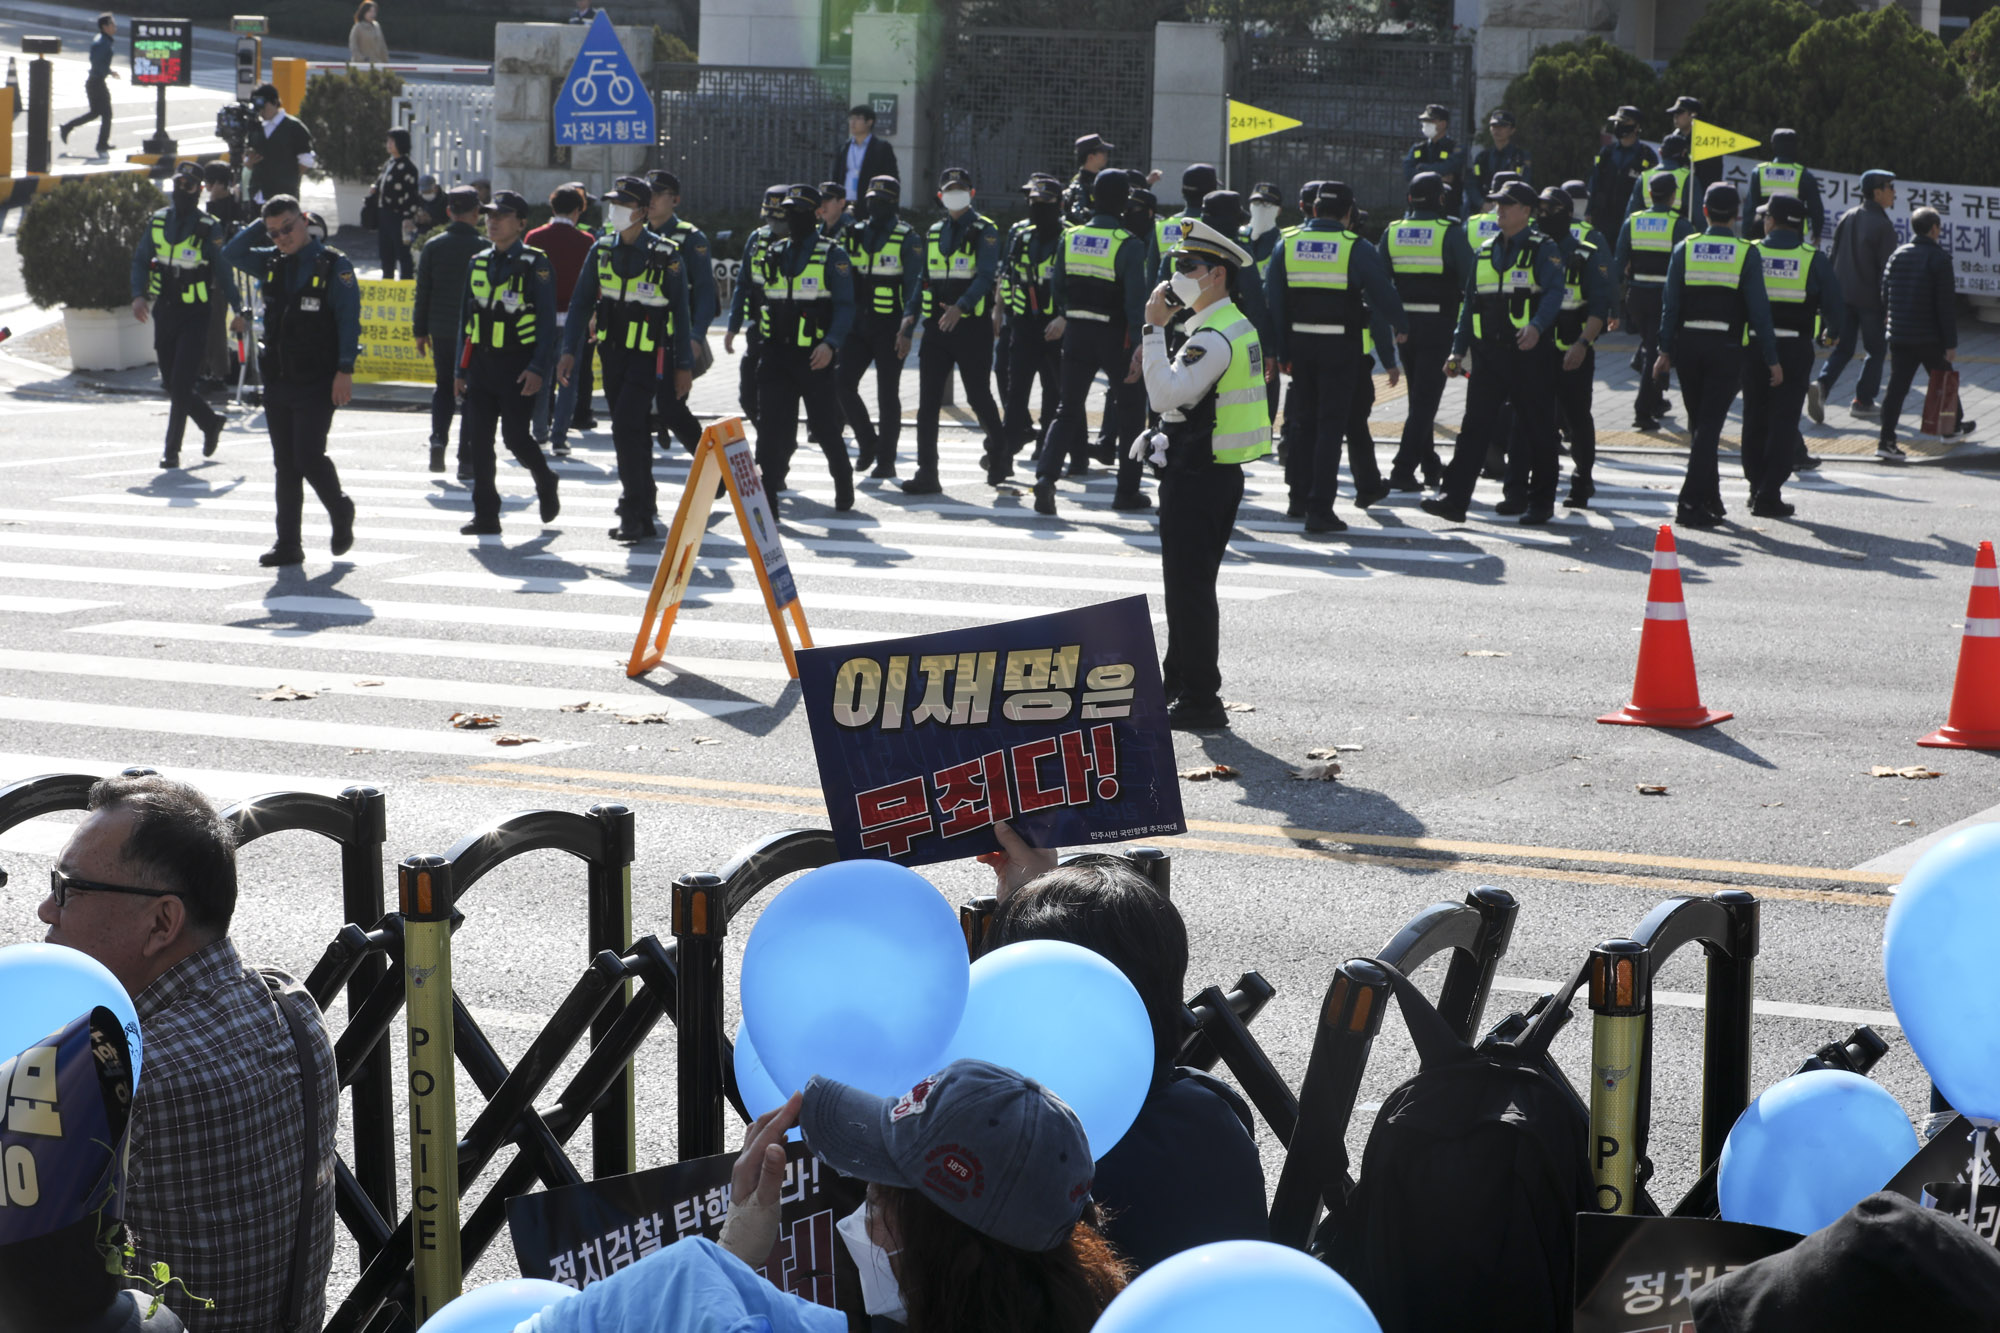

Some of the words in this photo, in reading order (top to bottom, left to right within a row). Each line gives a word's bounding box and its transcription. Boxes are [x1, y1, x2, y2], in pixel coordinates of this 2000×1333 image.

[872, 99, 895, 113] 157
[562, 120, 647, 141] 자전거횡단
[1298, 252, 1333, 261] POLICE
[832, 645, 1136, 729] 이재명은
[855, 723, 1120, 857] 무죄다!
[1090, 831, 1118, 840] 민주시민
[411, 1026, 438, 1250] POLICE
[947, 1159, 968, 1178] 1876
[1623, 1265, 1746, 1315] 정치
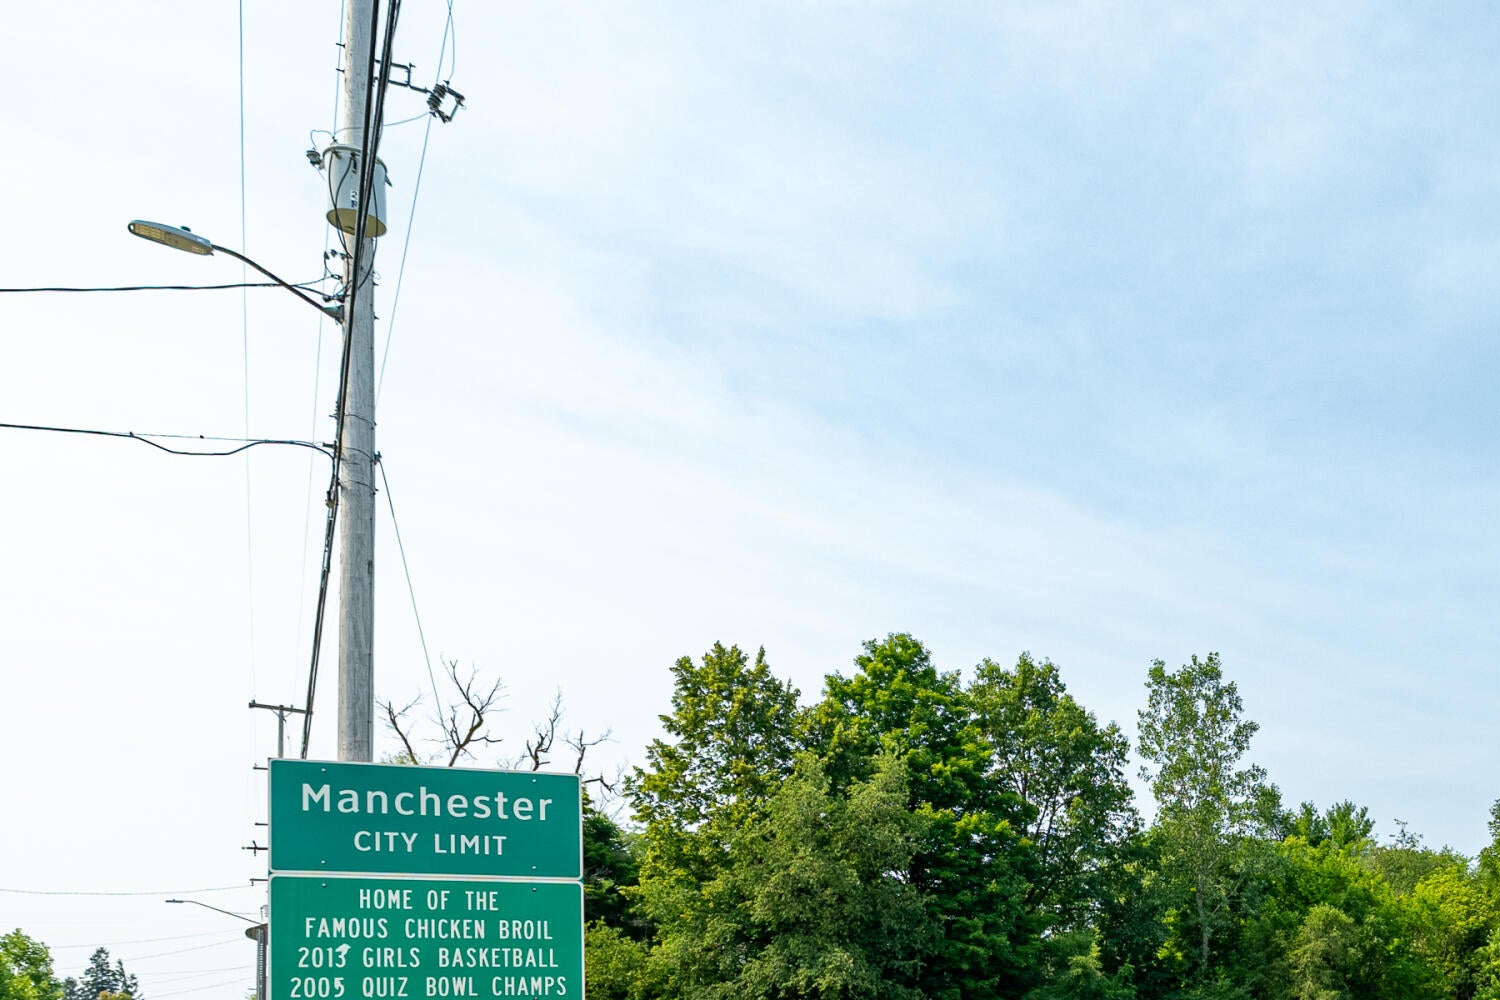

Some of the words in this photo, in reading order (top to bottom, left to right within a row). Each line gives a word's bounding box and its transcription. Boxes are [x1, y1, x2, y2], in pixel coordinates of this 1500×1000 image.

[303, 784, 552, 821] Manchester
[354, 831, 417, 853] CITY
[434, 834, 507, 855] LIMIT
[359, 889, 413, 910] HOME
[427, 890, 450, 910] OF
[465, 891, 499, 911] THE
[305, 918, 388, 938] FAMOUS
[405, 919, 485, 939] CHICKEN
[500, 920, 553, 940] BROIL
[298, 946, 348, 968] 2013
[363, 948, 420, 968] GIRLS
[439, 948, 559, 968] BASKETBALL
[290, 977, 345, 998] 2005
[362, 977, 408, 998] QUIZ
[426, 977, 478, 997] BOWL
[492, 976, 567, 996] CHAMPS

• Problem:
Leave out all pictures, then copy the remaining material exactly.

• Task answer:
Some of the words in this photo, in reading order (top to bottom, left to right within a row). Each line gives a word's bounding box and its transcription. Boxes are [x1, y1, x2, y2], in pixel coordinates of this 2000×1333 image.

[872, 99, 895, 113] 157
[562, 120, 647, 141] 자전거횡단
[1298, 252, 1333, 261] POLICE
[832, 645, 1136, 729] 이재명은
[855, 723, 1120, 857] 무죄다!
[1090, 831, 1118, 840] 민주시민
[411, 1026, 438, 1250] POLICE
[947, 1159, 968, 1178] 1876
[1623, 1265, 1746, 1315] 정치

Some of the words in this photo, in reading order (top to bottom, left to right within a row). Each line gives a word's bounding box and its transcription. Boxes are [x1, y1, x2, y2], in pixel coordinates of this 1500×1000 image.

[303, 784, 552, 821] Manchester
[354, 831, 417, 853] CITY
[434, 834, 507, 855] LIMIT
[359, 889, 413, 910] HOME
[427, 890, 450, 910] OF
[465, 891, 499, 911] THE
[305, 918, 388, 938] FAMOUS
[405, 919, 485, 939] CHICKEN
[500, 920, 553, 940] BROIL
[298, 946, 348, 968] 2013
[363, 948, 420, 968] GIRLS
[439, 948, 559, 968] BASKETBALL
[290, 977, 345, 998] 2005
[362, 977, 408, 998] QUIZ
[426, 977, 478, 997] BOWL
[492, 976, 567, 996] CHAMPS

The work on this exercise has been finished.